### YOUR INSTRUCTIONS
Transcribe the records below exactly as they appear, omitting any pictures.

### RECORDS SHOWN

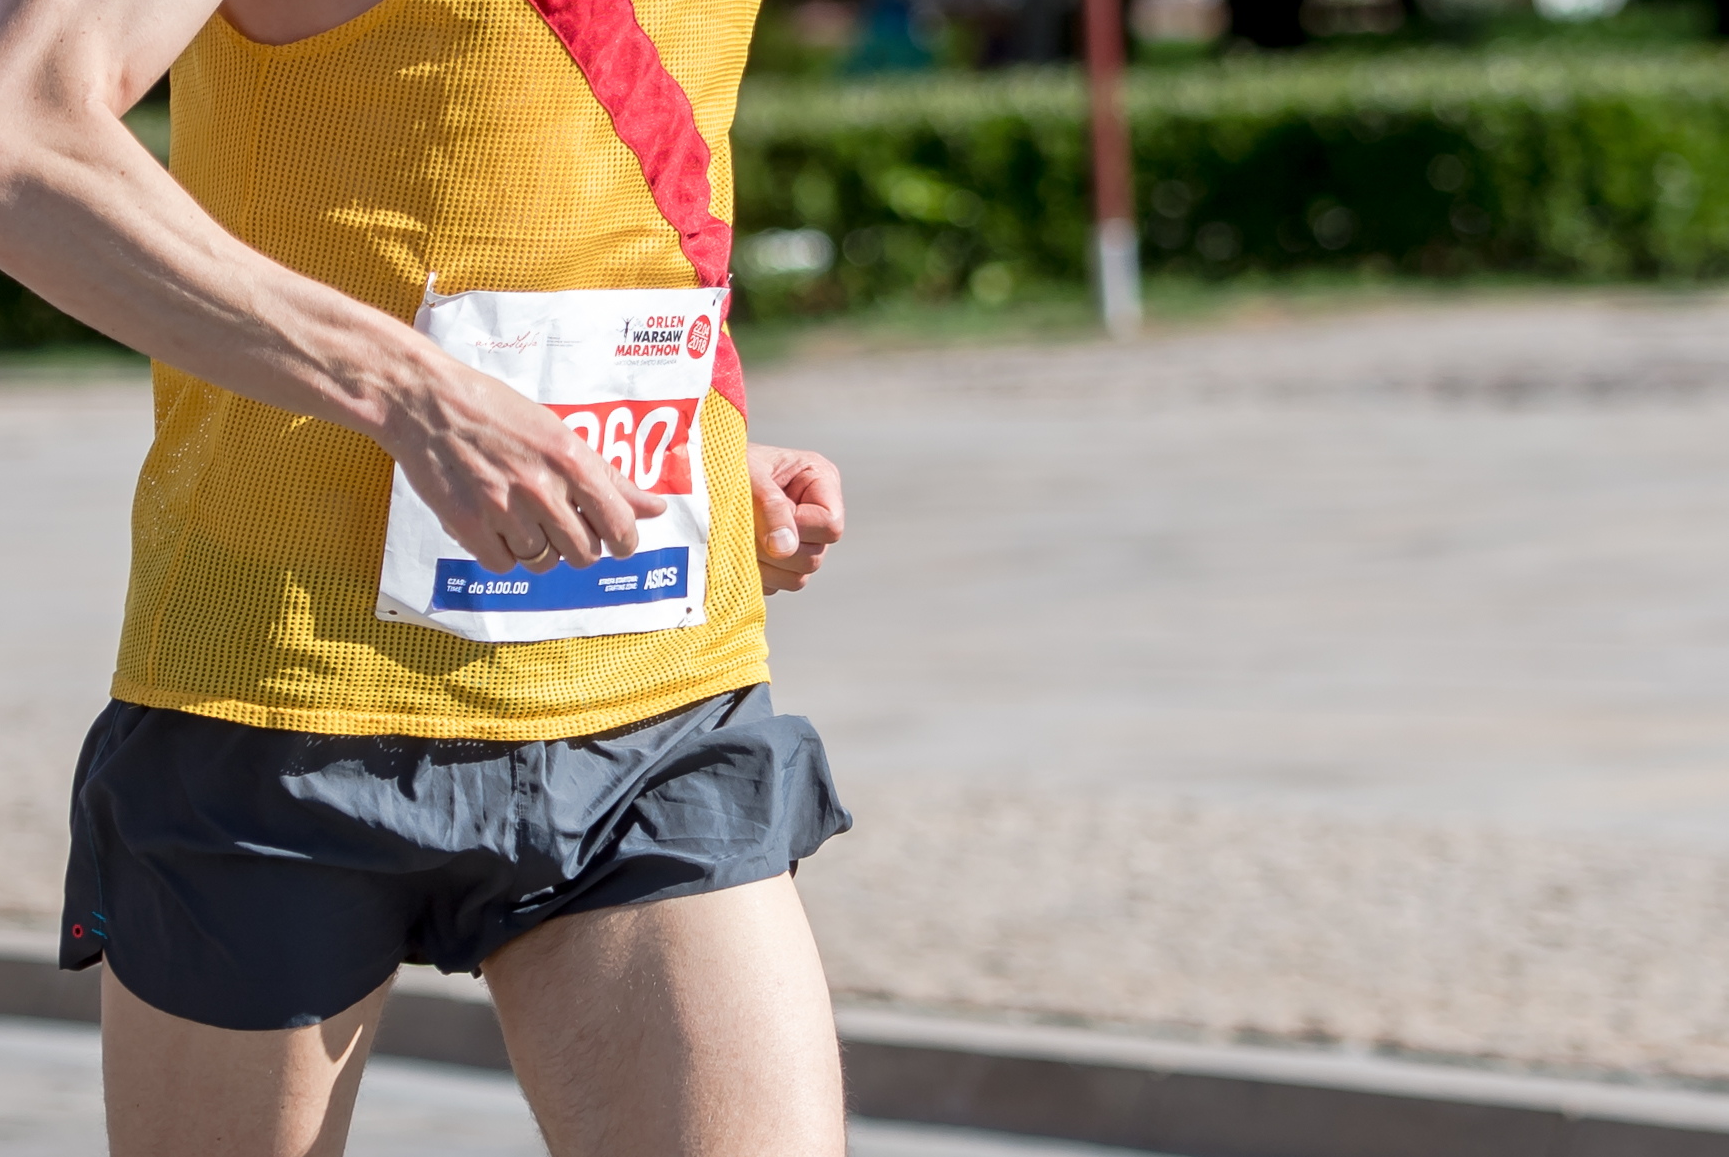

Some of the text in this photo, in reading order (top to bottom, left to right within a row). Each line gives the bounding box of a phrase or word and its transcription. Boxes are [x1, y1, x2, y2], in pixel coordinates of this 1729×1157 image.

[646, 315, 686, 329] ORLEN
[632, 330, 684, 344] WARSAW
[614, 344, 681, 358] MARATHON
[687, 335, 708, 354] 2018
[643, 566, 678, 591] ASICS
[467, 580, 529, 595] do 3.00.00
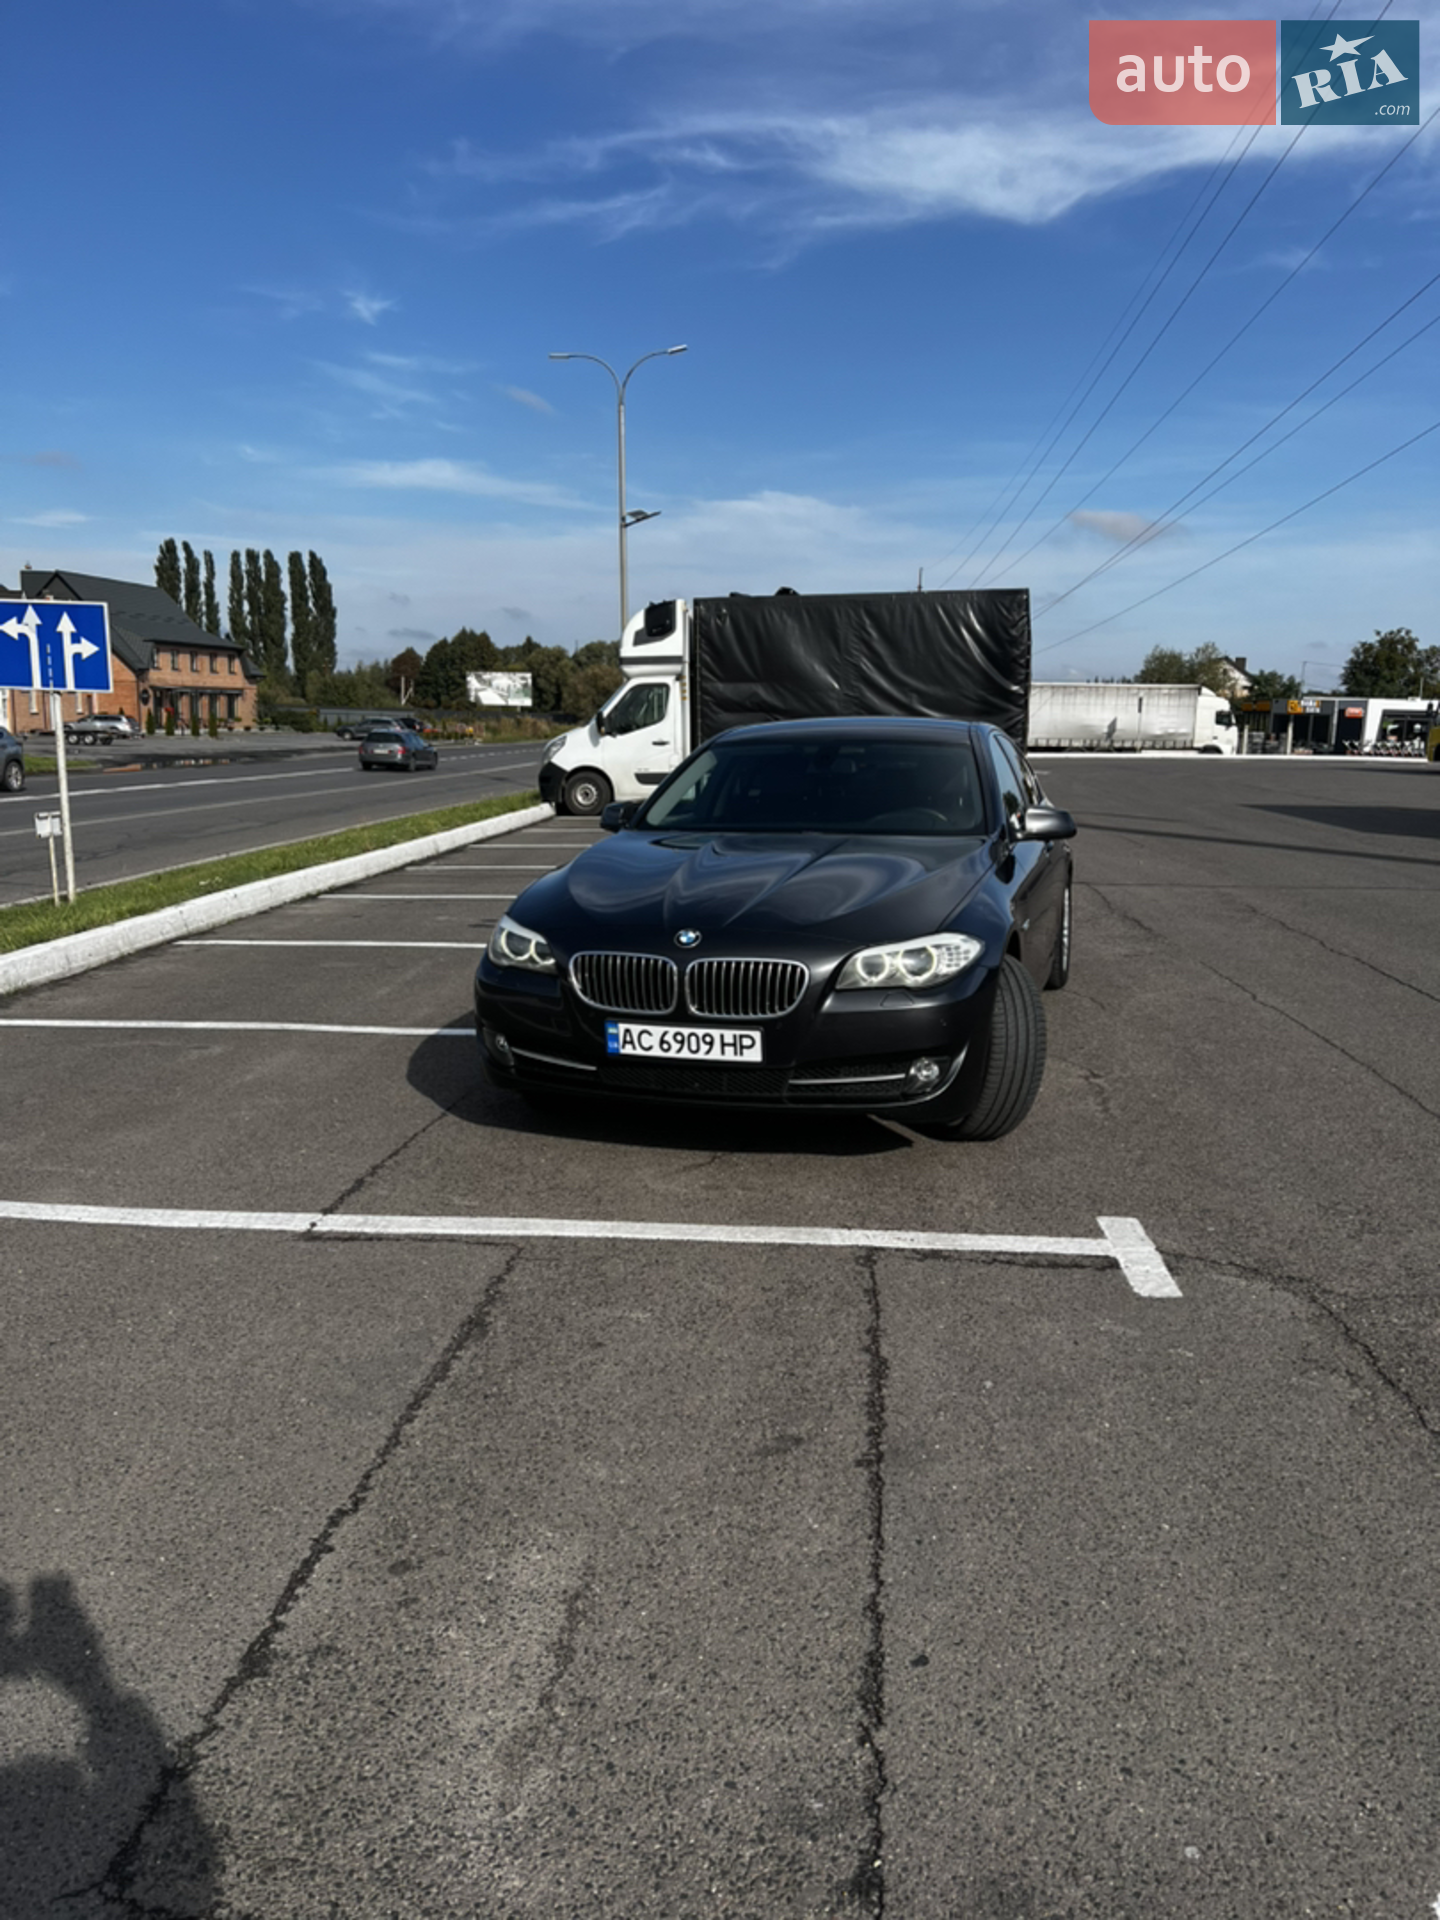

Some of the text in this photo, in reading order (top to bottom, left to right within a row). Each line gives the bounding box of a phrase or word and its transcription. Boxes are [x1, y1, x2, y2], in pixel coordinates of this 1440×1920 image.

### SOLUTION TO THIS EXERCISE
Some of the text in this photo, in reading order (top to bottom, left to right within a row). Each line gives the bounding box of a phrase or word and its transcription. Boxes are [x1, y1, x2, y2], in pixel coordinates of this 1729×1157 image.

[646, 315, 686, 329] ORLEN
[632, 330, 684, 344] WARSAW
[614, 344, 681, 358] MARATHON
[687, 335, 708, 354] 2018
[643, 566, 678, 591] ASICS
[467, 580, 529, 595] do 3.00.00

Some of the text in this photo, in reading order (top to bottom, left to right within a row). Each line gives the bounding box of a phrase or word and its transcription. Boxes are [x1, y1, x2, y2], in pixel coordinates of this 1440×1920 image.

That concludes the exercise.